From the essay "Autopsy Report"
"I wish I understood the beauty
in leaves falling. To whom
are we beautiful
as we go?"
But when the bodies were opened up -- how can I say this? The opening was familiar. As if I'd known before, this . . . what? Language? Like a dialect spoken only in childhood, for a short time with old-world relatives, and heard again many years later, the gist of it all was sensible. And though I couldn't reply, meanings hung on. A shapeliness of thought was apparent, all inflection and lilt and tonal suggestion.
Nothing was too intimate: not the leaves stuck to the crewman's thigh, and higher up, caught in the leg of his underwear; the captain's red long johns and soaked, muddy sock. Their big stomachs and how reliably strong they still looked. Not the diesel fuel slicking their faces, stinking the building, dizzying us, nor the pale, wrinkled soles of one's foot, water-logged. Not the hair braided by some woman's hands, her knuckles hard against his head. The quarter-sized hole in his twisted, grey sweat sock, sock he pulled on that morning, or afternoon, or whenever he rose while he lived and dressed without a thought to dressing.
Not the dime the police found and bagged. The buckshot pock-marking his face, his young face, the buccal fat still high, rounded and thick. Nothing was unfamiliar in the too-bright room. Not the men's nakedness, although I have never seen twelve men, naked, before me. Not the method by which the paths of bullets were measured: rods of different lengths pushed through each hole -- I had to stop counting there were so many -- until one came out the other side.
Not the phrase "exit wound."
And though I'd never seen a bullet hole, of course it would be shallow as the tissue underneath swelled uselessly back together. Of course blood pooled each blue-burnt circumference. Of course, I remember thinking.
The purpose the work comprised, the opening, was familiar.

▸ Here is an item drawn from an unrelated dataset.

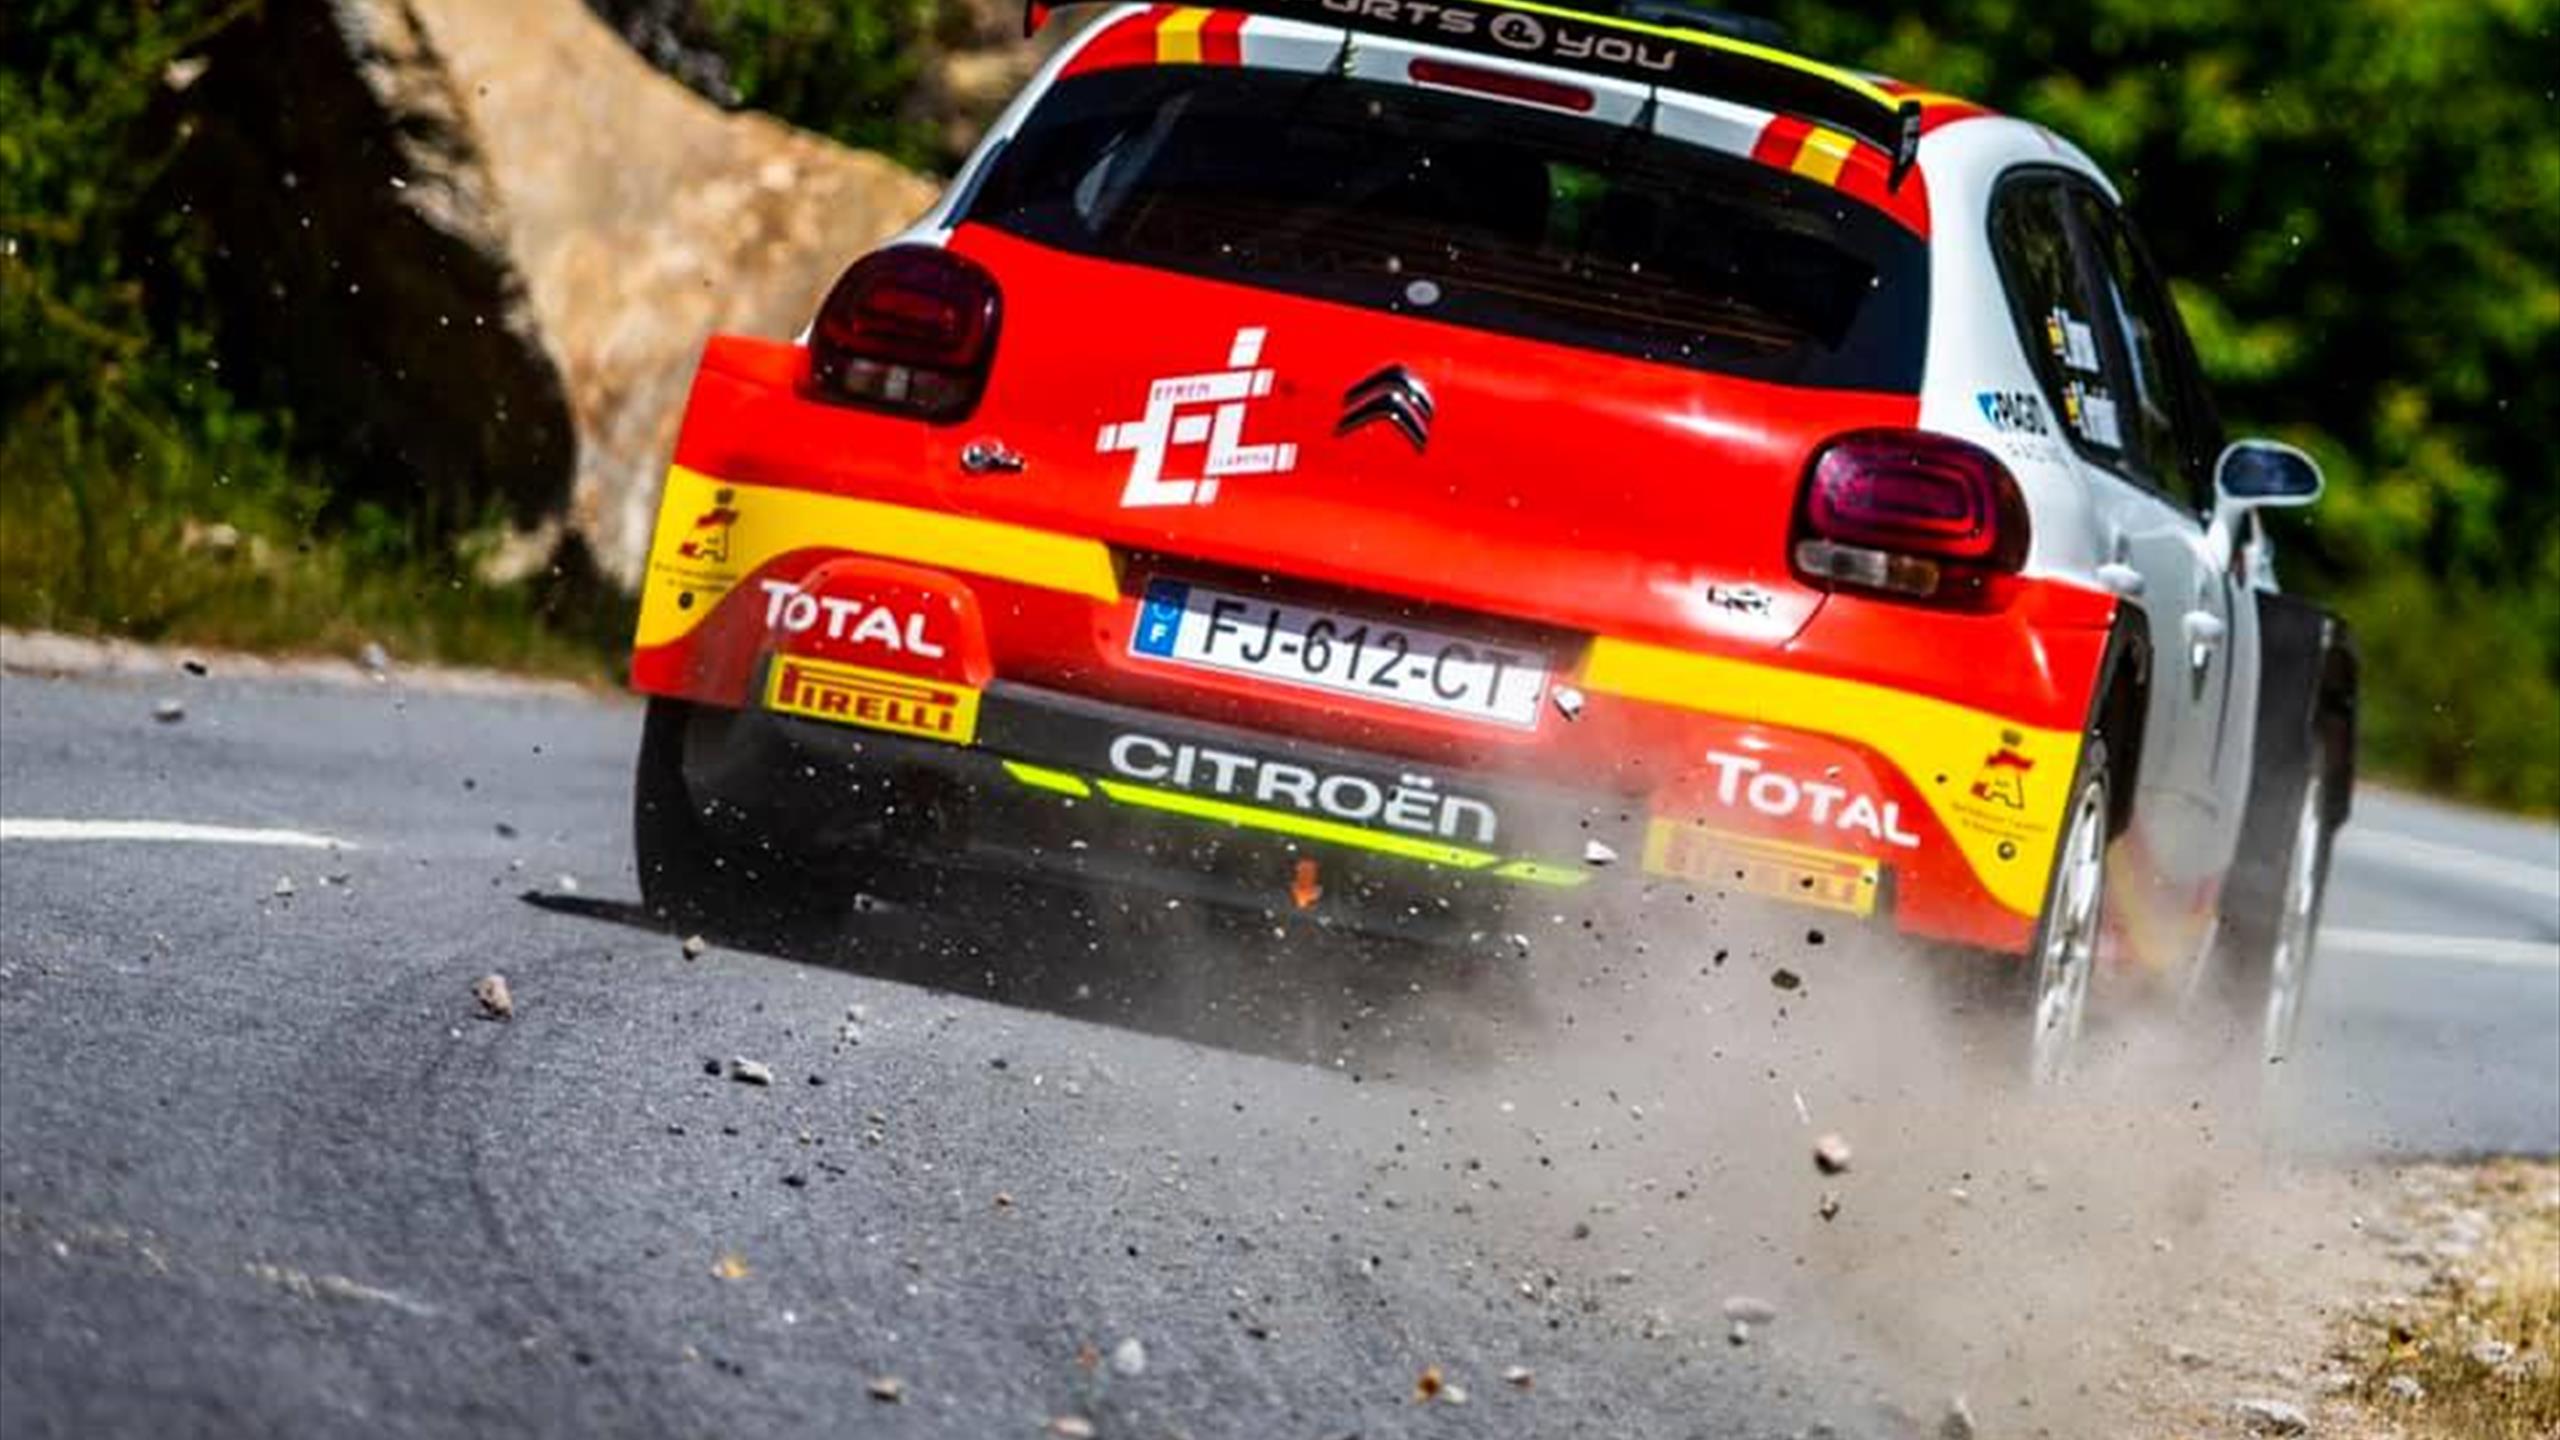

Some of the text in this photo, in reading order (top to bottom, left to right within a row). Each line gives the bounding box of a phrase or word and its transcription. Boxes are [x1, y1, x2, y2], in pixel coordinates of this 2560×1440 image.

[761, 581, 943, 658] TOTAL
[1203, 599, 1519, 706] FJ-612-CT
[779, 666, 958, 732] PIRELLI
[1706, 751, 1920, 847] TOTAL

It was familiar to see the body opened.
Because in giving birth, I knew the body opened beyond itself?
Because I have been opened, enough times now in surgery, once the whole length of me, and there are hundreds of stitches?
Then, when everything was lifted out -- the mass of organs held in the arms, a cornucopia of dripping fruits hoisted to the hanging scale -- there was the spine. I could look straight through the empty body, and there, as if buried in wet, red earth, there was the white length of spine. Shields of ribs were sawed out and saved to fix back into place. There were the yellow layers of fat, yellow as a cartoon sun, as sweet cream butter, laid thinly on some, in slabs on others. There were the ice-blue casings of large intestines, the small sloshing stomach, transparent, to be drained. The bladder, hidden, but pulled into view for my sake and cupped in hand like a water balloon. Cracks and snappings. The whisking and shushing of knives over skin, a sound like tearing silk. The snipping. The measuring jars filled with cubed liver. The intercostal blood vessel pulled out like a basted hem. The perforating branches of the internal thoracic artery leaving little holes behind in the muscle like a child's lace-up board. The mitral valves sealing like the lids of ice cream cups. And heavy in the doctor's hand, the spleen, shining, as if pulled from a river.
How easily the body opens.
How with difficulty does the mouth in awe, in praise. For there are words I cannot say.